YOUR INSTRUCTIONS |
Reproduce the data in full, exactly.

Dataset entries:
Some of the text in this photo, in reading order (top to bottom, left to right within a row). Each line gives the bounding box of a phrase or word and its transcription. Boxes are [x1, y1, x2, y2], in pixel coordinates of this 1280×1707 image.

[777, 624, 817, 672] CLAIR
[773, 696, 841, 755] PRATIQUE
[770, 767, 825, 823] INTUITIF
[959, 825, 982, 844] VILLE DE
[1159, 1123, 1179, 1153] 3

SOLUTION TO THIS PROBLEM |
Some of the text in this photo, in reading order (top to bottom, left to right within a row). Each line gives the bounding box of a phrase or word and its transcription. Boxes are [x1, y1, x2, y2], in pixel coordinates of this 1280×1707 image.

[777, 624, 817, 672] CLAIR
[773, 696, 841, 755] PRATIQUE
[770, 767, 825, 823] INTUITIF
[959, 825, 982, 844] VILLE DE
[1159, 1123, 1179, 1153] 3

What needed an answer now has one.